Georgia is struggling with people who are able to get health insurance, but not access care; unfortunately, little is expected to get done in Washington, DC, with 2018 being an election year, according to Representative Doug Collins, R-Georgia.
Georgia is struggling with people who are able to get health insurance, but not access care; unfortunately, little is expected to get done in Washington, DC, with 2018 being an election year, according to Representative Doug Collins, R-Georgia.
Transcript
What changes do you foresee in how states will be administering Medicaid?
It was really the question of all last year. I think right now we’re sort of in a loggerhead in Congress: what do we do and how do we move forward? And I think when you look at it from the expansion perspective, you look at what traditional Medicaid is supposed to be about—that is the aged, blind, disabled, those kind of things—I think the discussion is, is this Medicaid expansion actually taking away from the ones who should actually be getting the help? So, I think those are the types of conversations we’ll continue to have, and we’ll see how that moves forward.
Right now, it’s going to be a little bit more difficult with an election year. There’s a lot of things going on, a lot of moving parts. Last year’s failure [to repeal the Affordable Care Act] though actually was a failure for the American people in healthcare. Because we have a system that is broken, and we have a system that is not working. And even for those who are able to get some of this, they’re not able to access healthcare. They have insurance maybe, but not healthcare.
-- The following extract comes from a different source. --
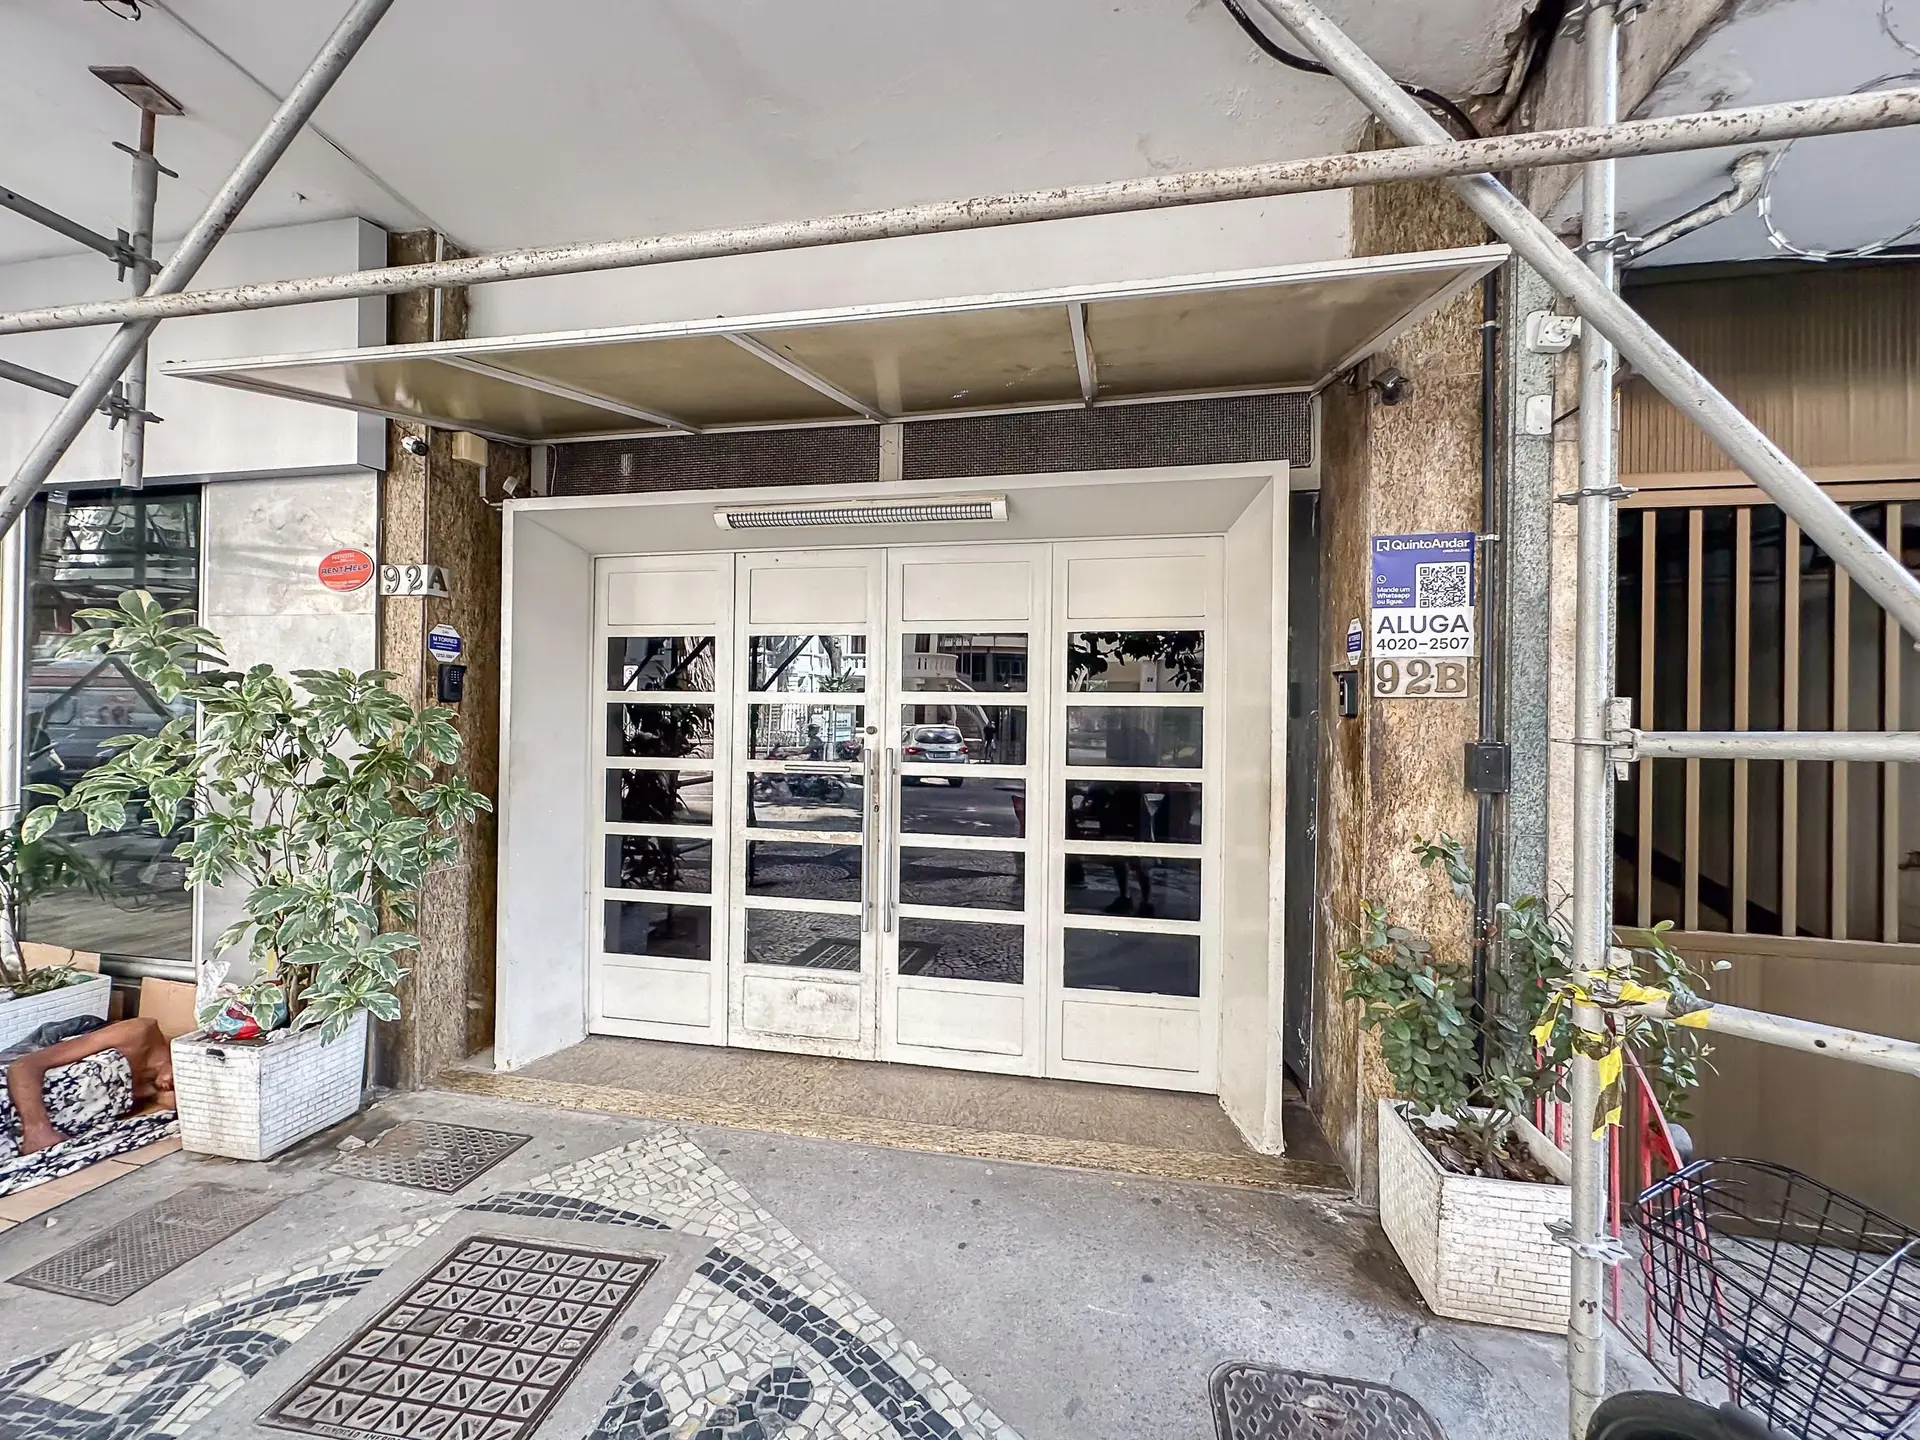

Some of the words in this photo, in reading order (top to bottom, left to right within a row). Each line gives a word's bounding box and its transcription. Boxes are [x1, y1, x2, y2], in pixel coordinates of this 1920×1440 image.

How will recent policy changes from the Trump administration impact health insurance exchanges in Georgia?
We’re a federal exchange in Georgia. The problem I’ve seen with the federal exchange in Georgia is the lack of [payers]. We have, I think it’s now 5—4 depending on where you want to look—most of my state, 159 counties, most are only truly served by 1 healthcare [payer]. That one [payer] is really, with the costs, deductibles, co-pays, is keeping it out of the mainstream hands. And, also, we have a lot of facilities and providers just not taking that insurance.
At the end of the day, it’s sort of, unfortunately, a pipe dream. It’s like a mirage—they see the insurance and our families want to get it but at the same time they can’t access it, and at the end of the day it’s too much.
So, again, it goes back to that issue of, “Do we do health insurance? Or do we do healthcare?” I’m more for healthcare through a use of health insurance. And I think that’s just a different way to look at it.